FATORES DE RISCO DA SAÚDE HUMANA

A reiterada ingestão de alimentos quimicamente processados e uma vida sedentária são circunstâncias que podem facilitar, predispor ou agravar a ocorrência de distúrbios na saúde, muitas vezes difíceis de serem percebidos no diagnóstico das possíveis causas.227

Ao contrário dos procedimentos de vigilância sanitária levados a efeito nos países desenvolvidos nos quais se constata adoção de procedimentos fiscalizatórios periódicos, diversificados e aleatórios de amostras de produtos nos pontos de venda com a conseqüente análise bromatológica, no Brasil, as ações de vigilância sanitária representam o maior entrave a ser superado, pois não só a fiscalização não é exercida de modo contínuo e permanente, como as eventuais e esporádicas ações levadas a efeito ocorrem preferencialmente em situações que tendem a ganhar as páginas dos jornais e se espalhar pela mídia conforme a gravidade do escândalo.

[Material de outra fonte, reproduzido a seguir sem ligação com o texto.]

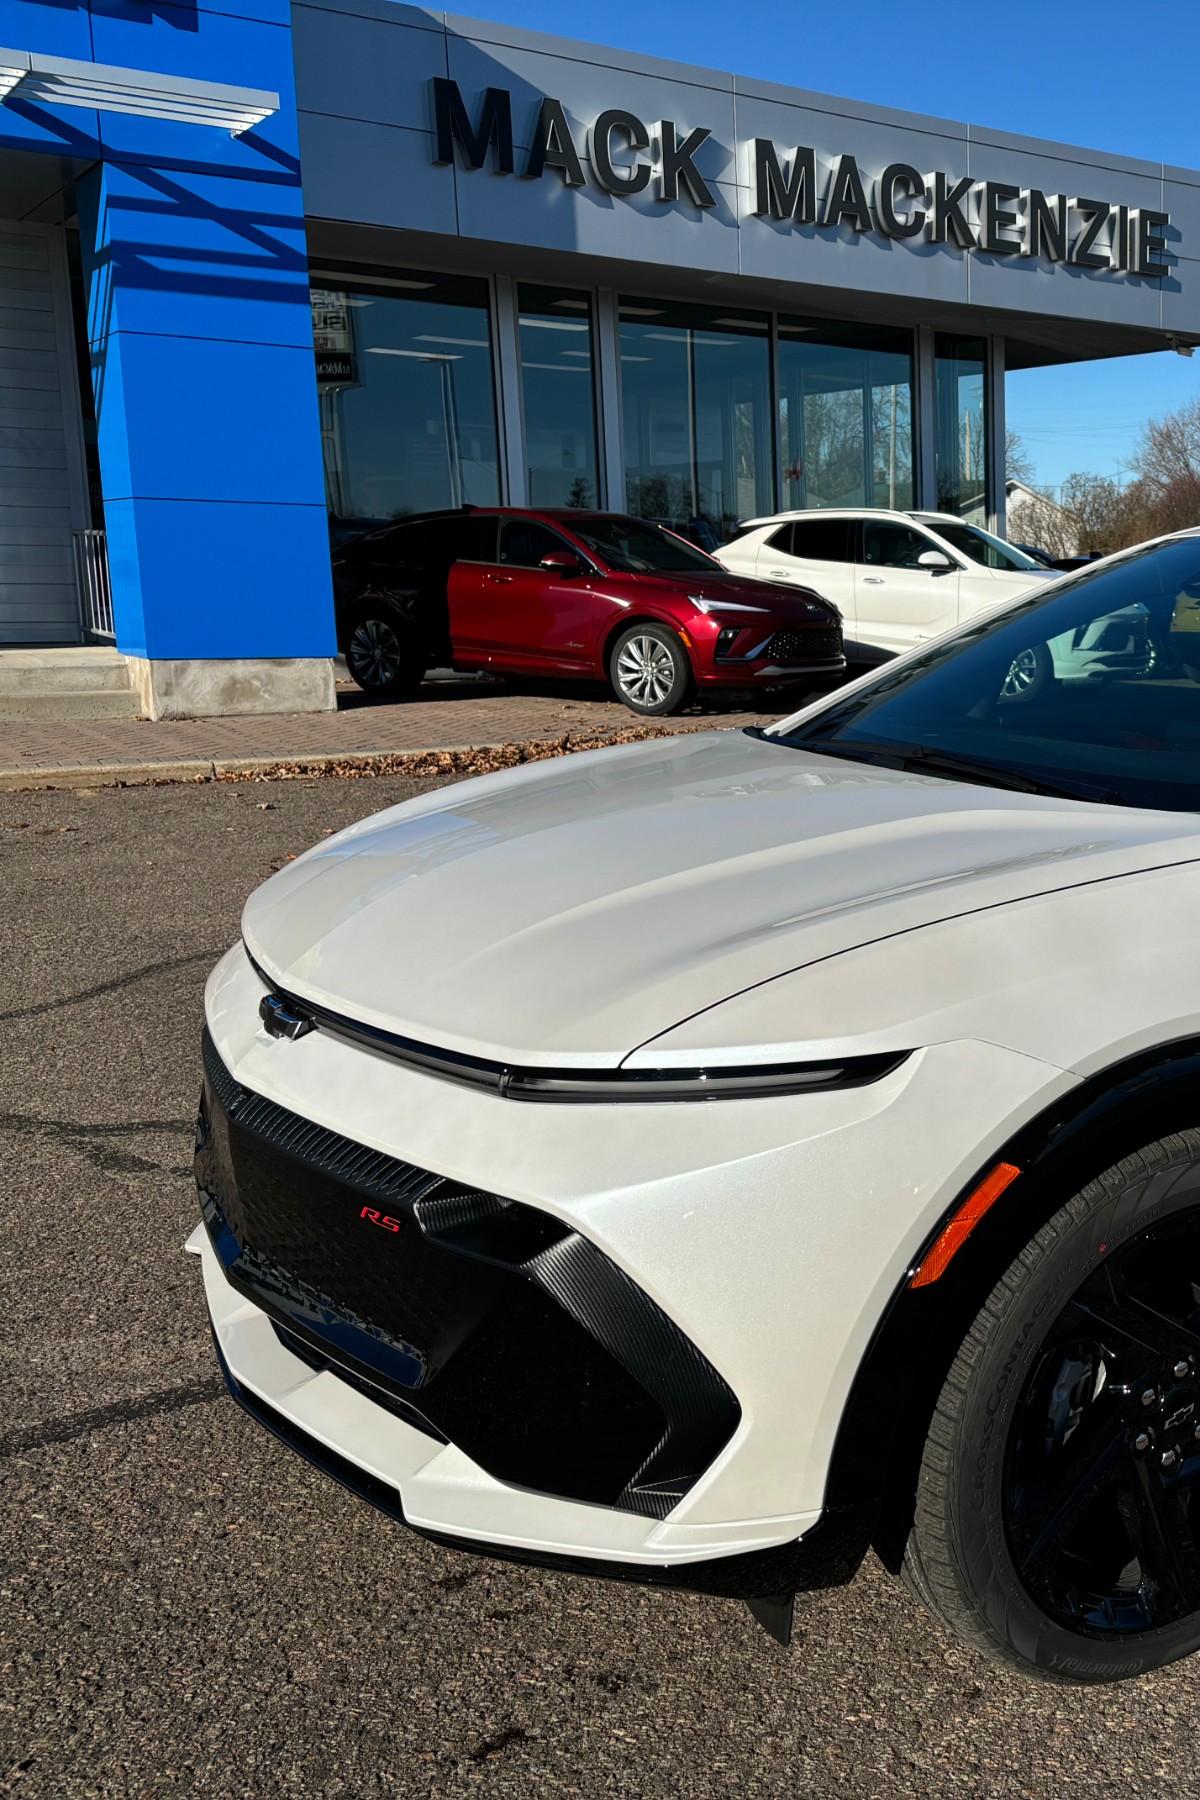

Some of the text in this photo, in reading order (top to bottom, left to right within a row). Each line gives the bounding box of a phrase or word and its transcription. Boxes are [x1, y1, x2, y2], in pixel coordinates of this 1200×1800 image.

[428, 77, 1171, 277] MACK MACKENZIE
[360, 1206, 401, 1232] RS
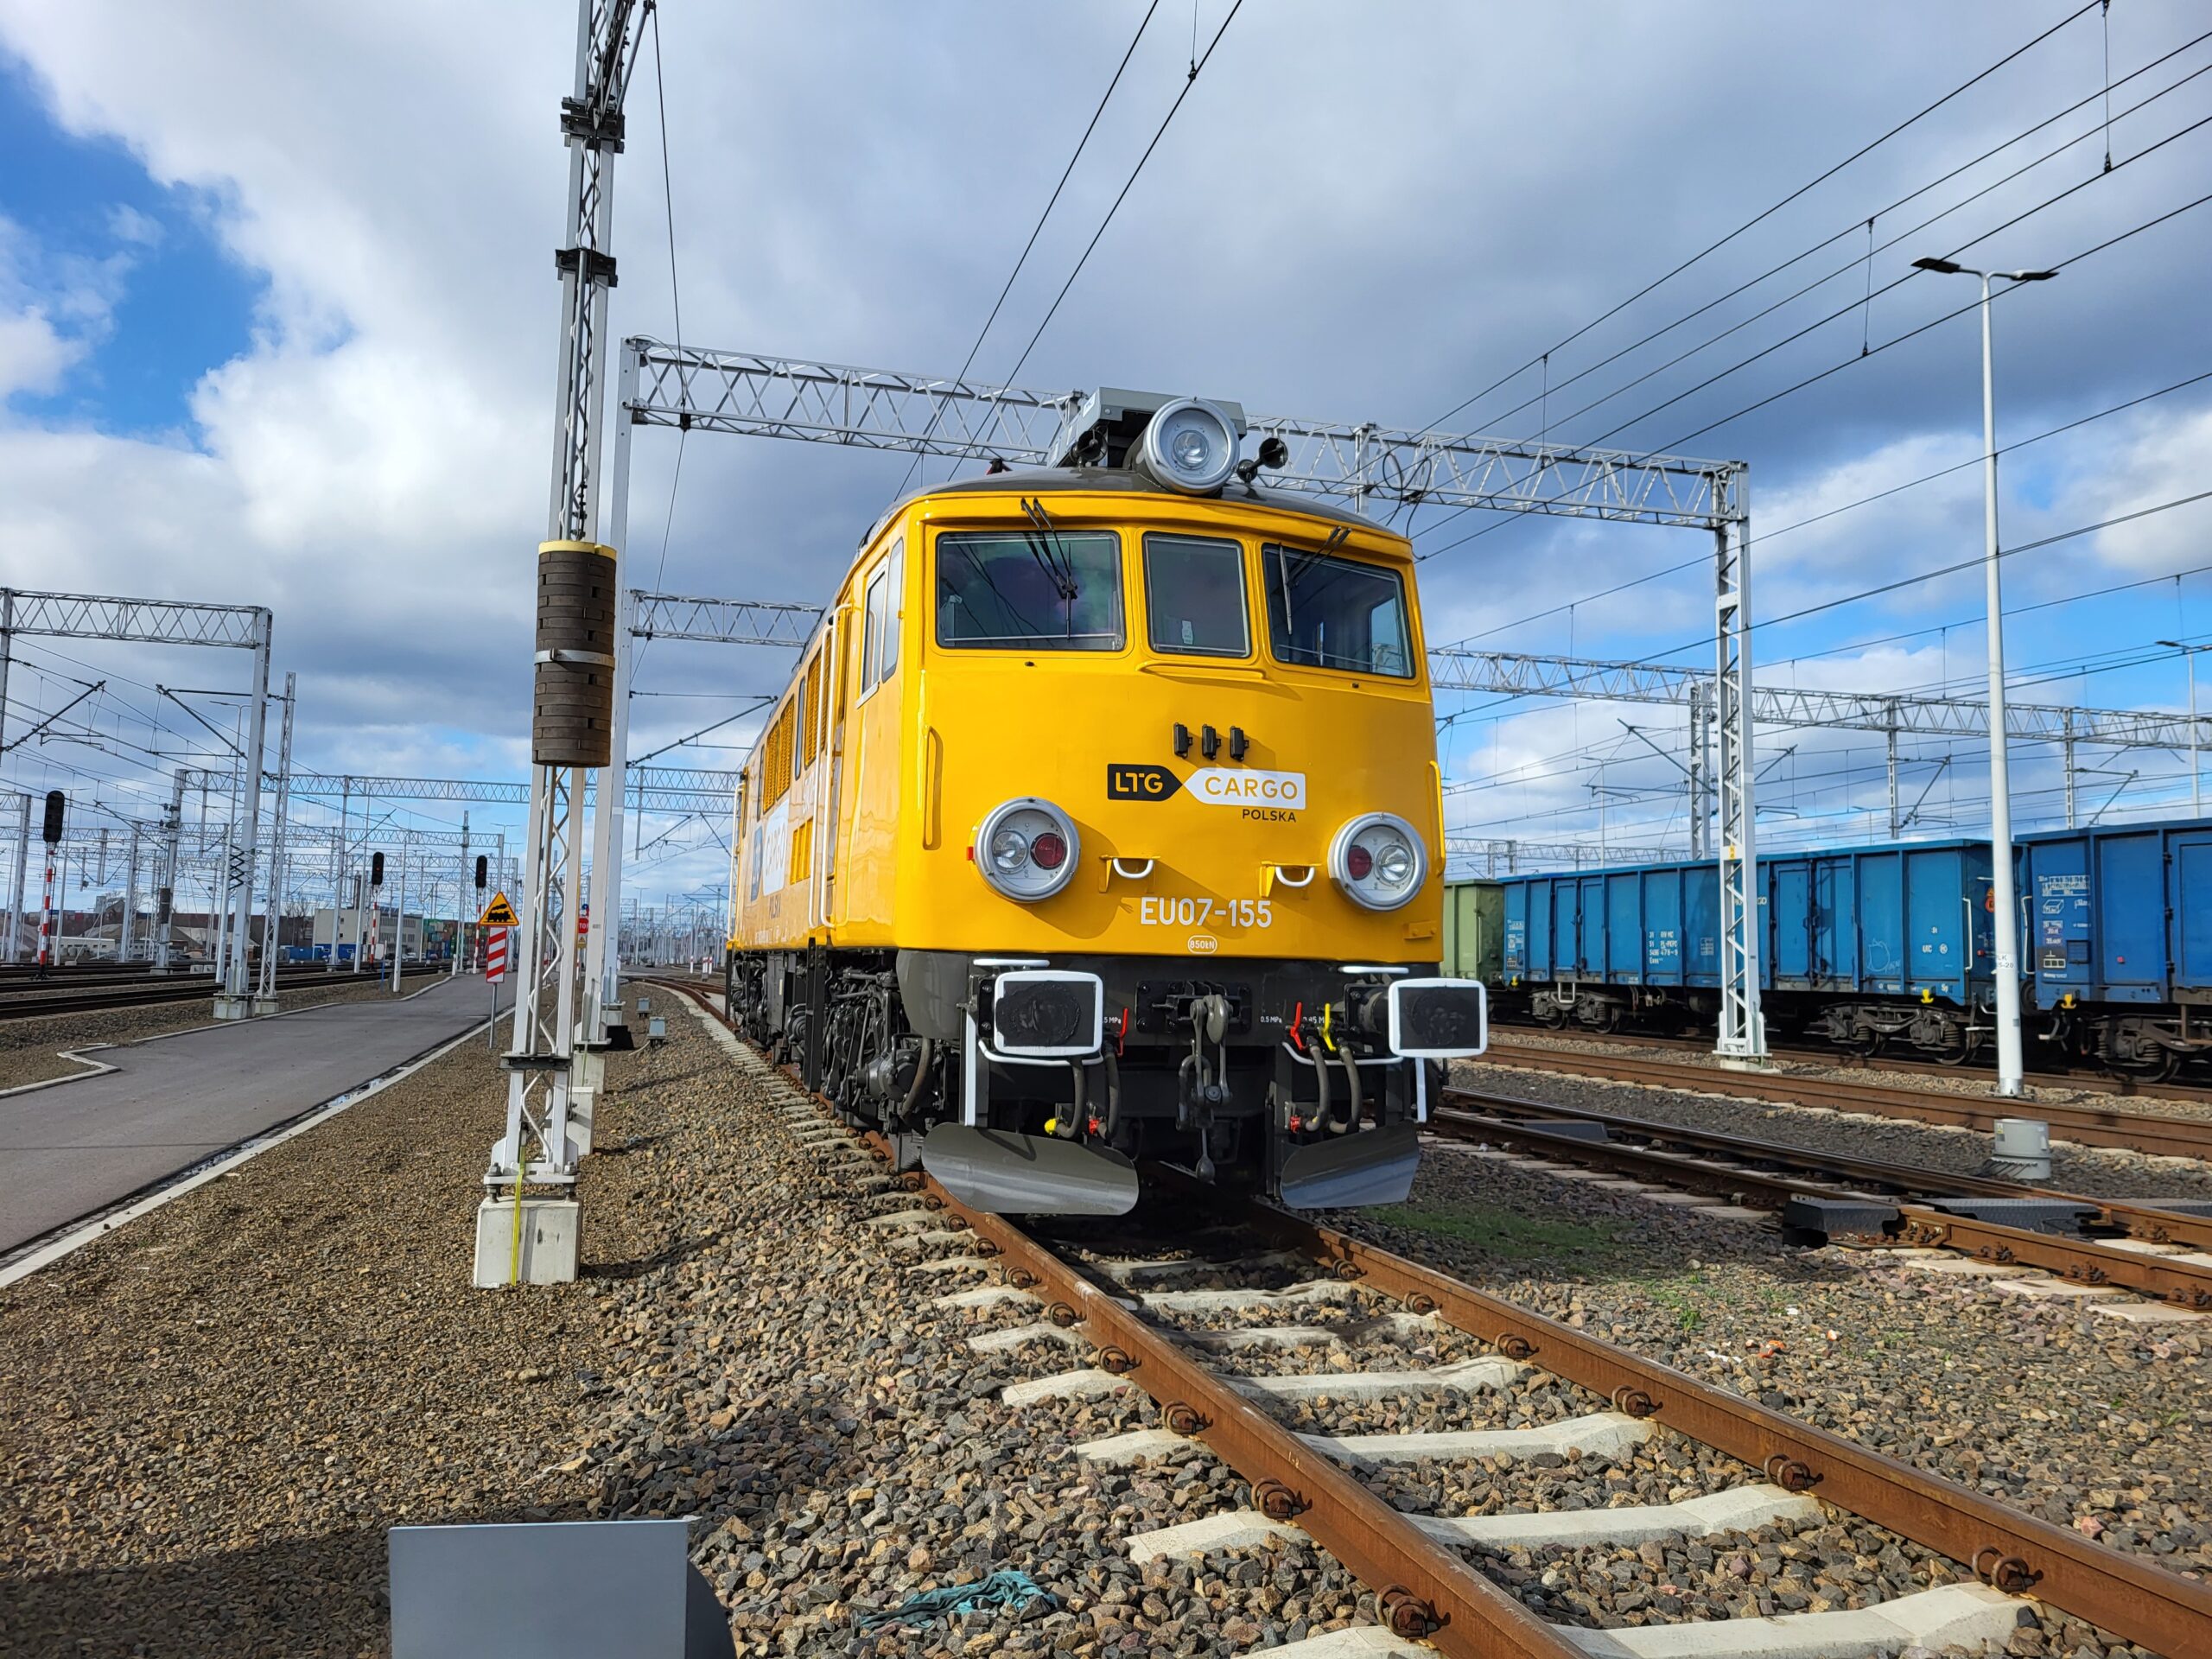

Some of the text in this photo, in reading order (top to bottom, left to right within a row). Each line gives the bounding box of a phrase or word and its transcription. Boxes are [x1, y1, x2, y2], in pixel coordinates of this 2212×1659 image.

Entre as inúmeras denúncias noticiadas, a fiscalização esteve presente nos casos de bromato no pão, do cromo na gelatina, do dióxido de enxofre em sucos de frutas, do formol no leite UHT e do nitrito e nitrato utilizados em produtos cárneos.228

A seqüência é sempre a mesma: alguém denuncia o fato, a mídia o destaca criando o maior alvoroço, a autoridade sanitária comparece, recolhe amostras e as analisa, professores e pesquisadores se pronunciam, órgãos de defesa do consumidor e entidades ambientalistas reclamam do excesso de química nos alimentos industrializados, a indústria se defende e o assunto acaba morrendo, quase sempre com providências tomadas, é verdade.229

227 EVANGELISTA, José, op. cit., p. 433. 228 Ibid.